Issues

Preborn babies sense not just pain, but light and temperature

This past week, Students for Life of America’s Western Regional Director Reagan Barklage shared a post on the SFLA Facebook page, discussing her recent trip to see a massage therapist about some sciatica pain due to her pregnancy. She describes how her preborn baby boy did not like being moved out of his position, which was causing his mother pain. She then tells how her massage therapist calmed her baby for the rest of the session — and it’s amazing:

Barklage writes:

Before I left for DC a few weeks ago, I got a massage as Baby Barklage was sitting on my sciatic nerve and causing a lot of pain…. While getting the massage, he started freaking out and kicking really hard, because the therapist was kindly evicting him from his current living situation. The therapist stopped and said, “Hang on! We gotta calm baby down first.” The therapist then put some warm towels on me to get Baby B to calm down, and within seconds, he could feel the warmth and instantly settled down. The therapist was then able to gently move him without any stress from the baby. Here is why that situation blew my mind. 1) My therapist put my baby first, making sure he was calm and relaxed before working on me. 2) My baby could feel the warmth of a towel! WHAT?!

preborn, first trimester

A baby in her first trimester

It really is mind-blowing to learn about the development of preborn children. According to the Endowment for Human Development, which released a prenatal video series in partnership with National Geographic, by nine weeks after fertilization (according to six different studies), “the nerve receptors in the face, palms of the hands, and soles of the feet can sense and respond to light touch. Following a light touch on the sole of the foot, the fetus will bend the hip and knee and may curl the toes.” Between 12 and 13 weeks after fertilization (according to three different studies), the preborn child’s “whole body surface, except the top of the head and the back, responds to light touch.” By 24 weeks in the second trimester, the preborn baby “responds to pressure, movement, pain, hot and cold, taste, and light.”

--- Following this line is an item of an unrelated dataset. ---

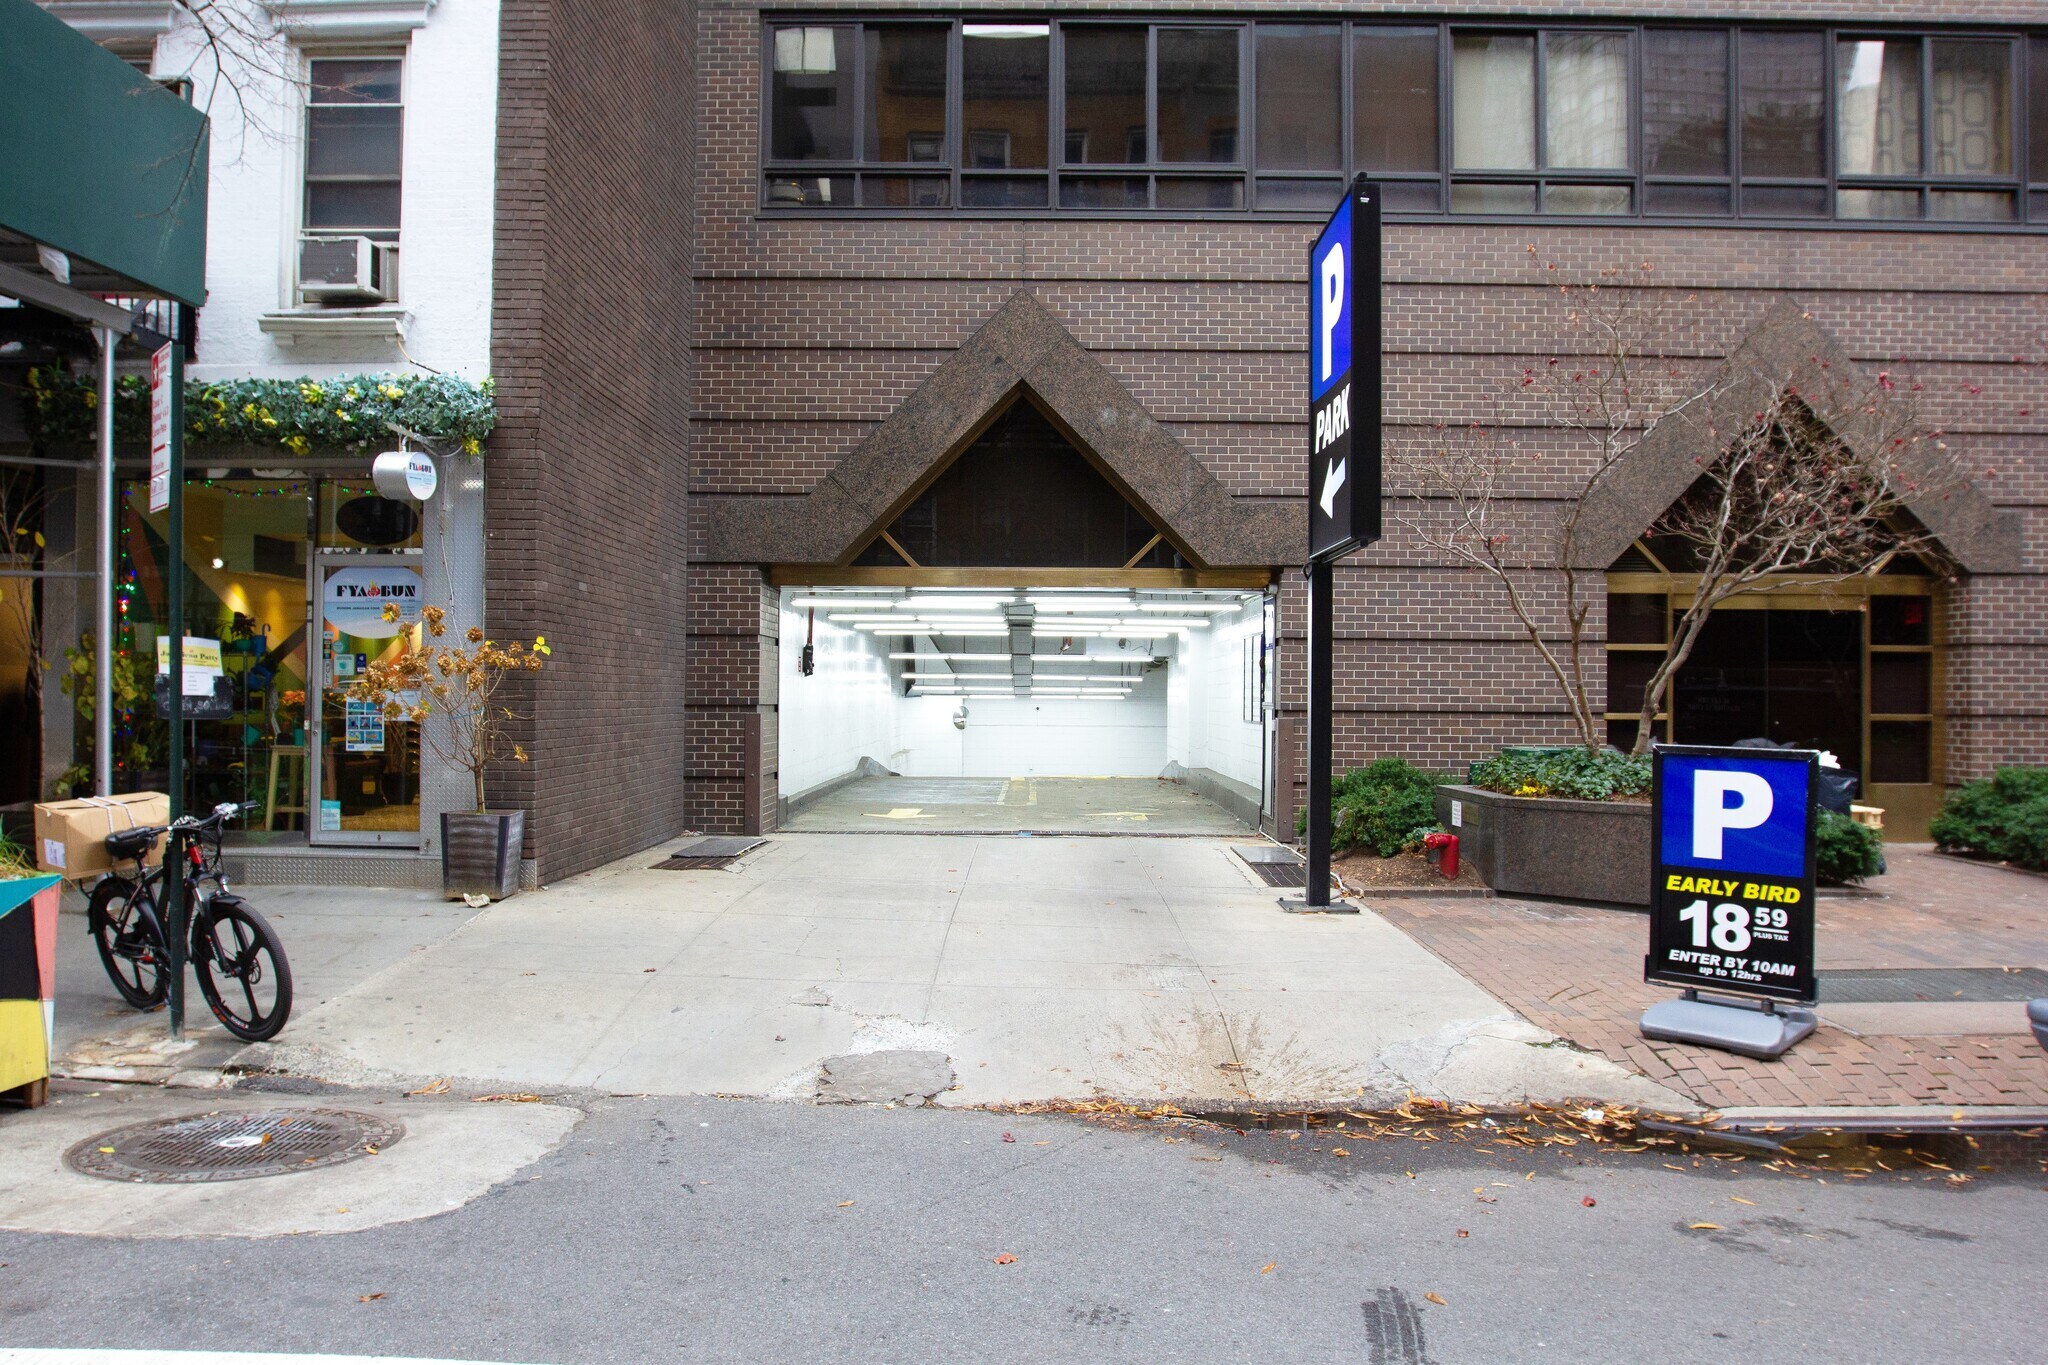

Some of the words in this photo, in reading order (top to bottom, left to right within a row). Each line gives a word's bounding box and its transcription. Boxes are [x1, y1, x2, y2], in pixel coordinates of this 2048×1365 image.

Yes, even while still in the womb, babies can feel temperature changes.

READ: First trimester babies aren’t blobs of tissue — they’re amazingly complex

In The Federalist this past week, Robin Pierucci, a neonatologist, described how premature babies in the NICU react to painful stimuli — and said she’s personally witnessed this at 23-24 weeks. While those in the pro-abortion camp attempt to downplay fetal development and possible pain perception, Pierucci wrote:

… [A] growing body of scientific research demonstrates that fetal CNS maturation is not required for pain perception. In 2016 the Journal of Pain Research published a summary of multiple different scientific studies all leading to the conclusion that “an early form of pain may appear from the 15th week of gestation onward.” This early physiologic response “is different than emotional pain felt by the more mature fetus,” but it is still a form of physical pain.

Pierucci adds that for this reason, anesthesia is used on all preborn babies undergoing surgery:

Importantly, just the physiologic stress alone can cause long-term developmental changes to an unborn child’s brain, “ultimately leading to adverse neurological outcomes” for that unborn child. Thus, fetal anesthesia is now standard of care for all surgeries performed on unborn children.

preborn baby 16 weeks

Preborn baby at 16 weeks

Pierucci is correct. A 2002 study, titled, “Anaesthesia for fetal surgery,” shows that for varying types of fetal surgery, beginning at 18 weeks gestation, children in utero are routinely administered anesthesia. The Charlotte Lozier Institute notes this as well, stating in their well-sourced fact sheet on fetal pain that, according to at least four cited studies, “Perinatal medicine now treats unborn babies as young as 16 weeks post-fertilization (18 weeks gestation). Pain medication for unborn patients is routinely administered as standard medical practice.” Lozier also points out that “[t]he leading textbook on clinical anesthesia says: ‘It is clear that the fetus is capable of mounting a physiochemical stress response to noxious stimuli as early as 18 weeks gestation (16 weeks post-fertilization).'” 

But the abortion industry, as always, seems to be at odds with science. One counselor at the New Mexico late-term abortion facility Southwestern Women’s Options was caught in Live Action’s InHuman investigation claiming, “I don’t believe so,” when asked by a prospective patient if her 27-week-old preborn baby would be able to feel a lethal injection into his heart or cranium. “I don’t know if it’s developed enough to feel that,” the counselor adds. But clearly, the patient’s baby is developed enough and has been able to feel such sensations for weeks already. Watch the video below, beginning at 1:15:

SFLA’s Barklage remarked in her post, ” If my baby could feel the heat of a towel on my skin, how dare you say that he cannot feel the excruciating pain of being dismembered with forceps. If you claim to believe in science and common sense, don’t just believe in it when it’s convenient, and then ignore it when you won’t get a huge check for your next political campaign from the abortion industry.”

Barklage is right. The science of preborn human life is clear. 

These babies not only feel pain, but so much more. They sense even soft touch, taste, light, and temperature. They are human beings, just like the rest of us, and they should have the right to continue to live and grow.